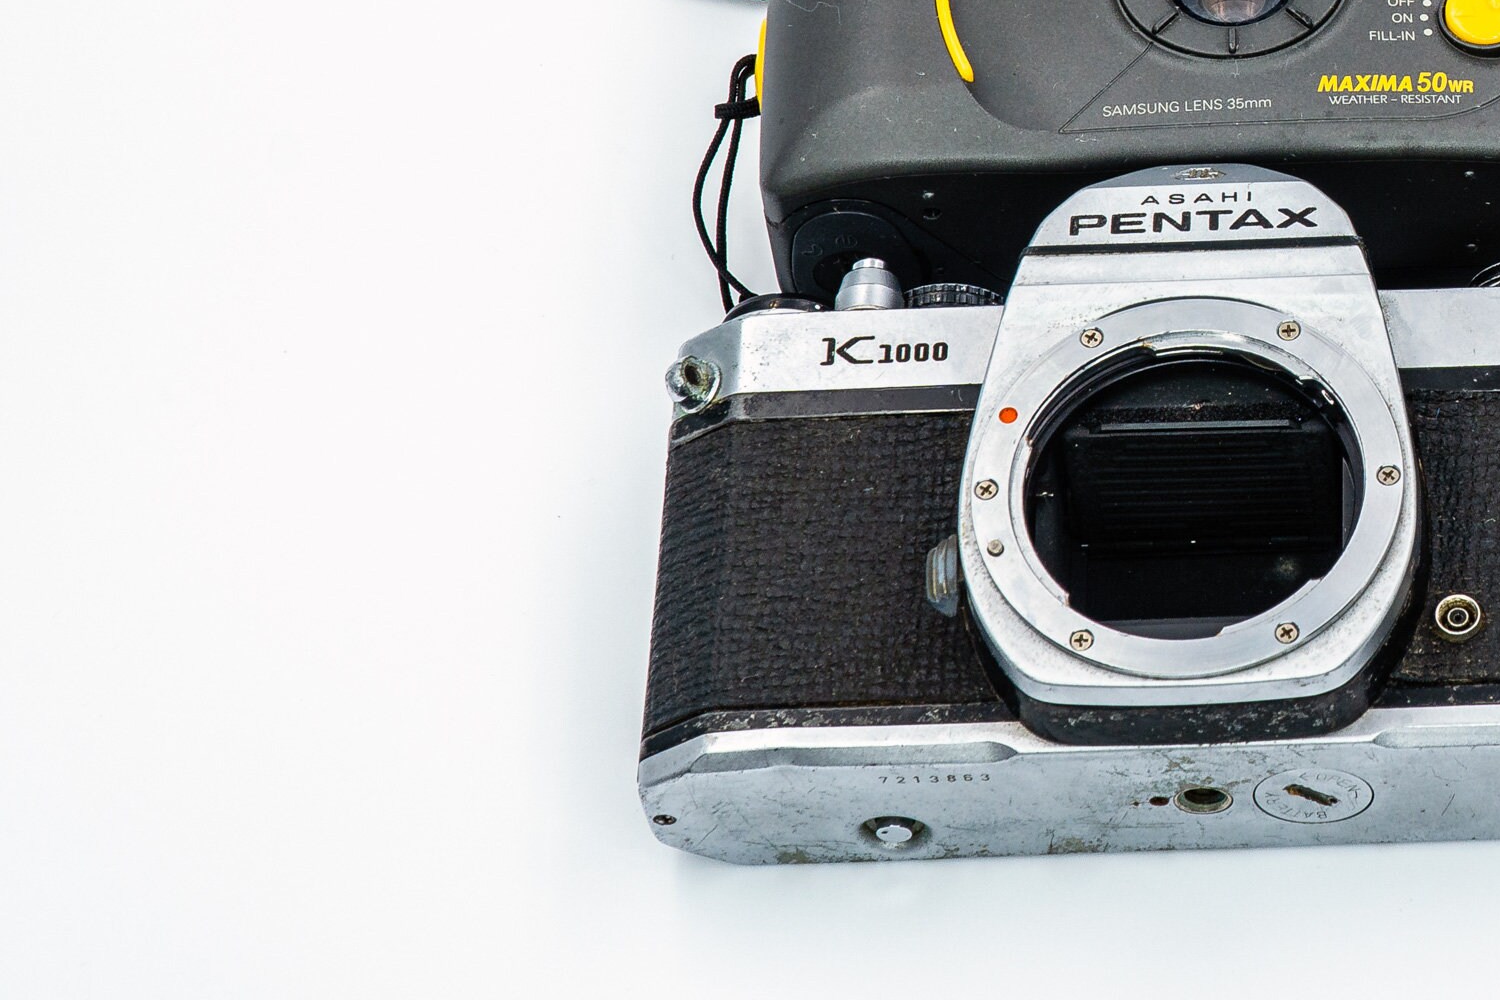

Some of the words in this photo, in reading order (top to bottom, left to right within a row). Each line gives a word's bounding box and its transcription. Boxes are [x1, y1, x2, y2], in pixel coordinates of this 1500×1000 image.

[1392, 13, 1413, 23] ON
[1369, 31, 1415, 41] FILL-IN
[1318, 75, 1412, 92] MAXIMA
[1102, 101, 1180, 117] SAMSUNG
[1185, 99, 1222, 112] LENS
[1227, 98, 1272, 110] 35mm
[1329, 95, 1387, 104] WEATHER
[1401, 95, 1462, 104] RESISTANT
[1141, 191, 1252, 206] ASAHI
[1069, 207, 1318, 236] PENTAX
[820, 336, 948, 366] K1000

Task goal: Reprint the listing above exactly, without images.

Result:
Some of the words in this photo, in reading order (top to bottom, left to right within a row). Each line gives a word's bounding box and its transcription. Boxes are [x1, y1, x2, y2], in pixel coordinates of this 1500×1000 image.

[1392, 13, 1413, 23] ON
[1369, 31, 1415, 41] FILL-IN
[1318, 75, 1412, 92] MAXIMA
[1102, 101, 1180, 117] SAMSUNG
[1185, 99, 1222, 112] LENS
[1227, 98, 1272, 110] 35mm
[1329, 95, 1387, 104] WEATHER
[1401, 95, 1462, 104] RESISTANT
[1141, 191, 1252, 206] ASAHI
[1069, 207, 1318, 236] PENTAX
[820, 336, 948, 366] K1000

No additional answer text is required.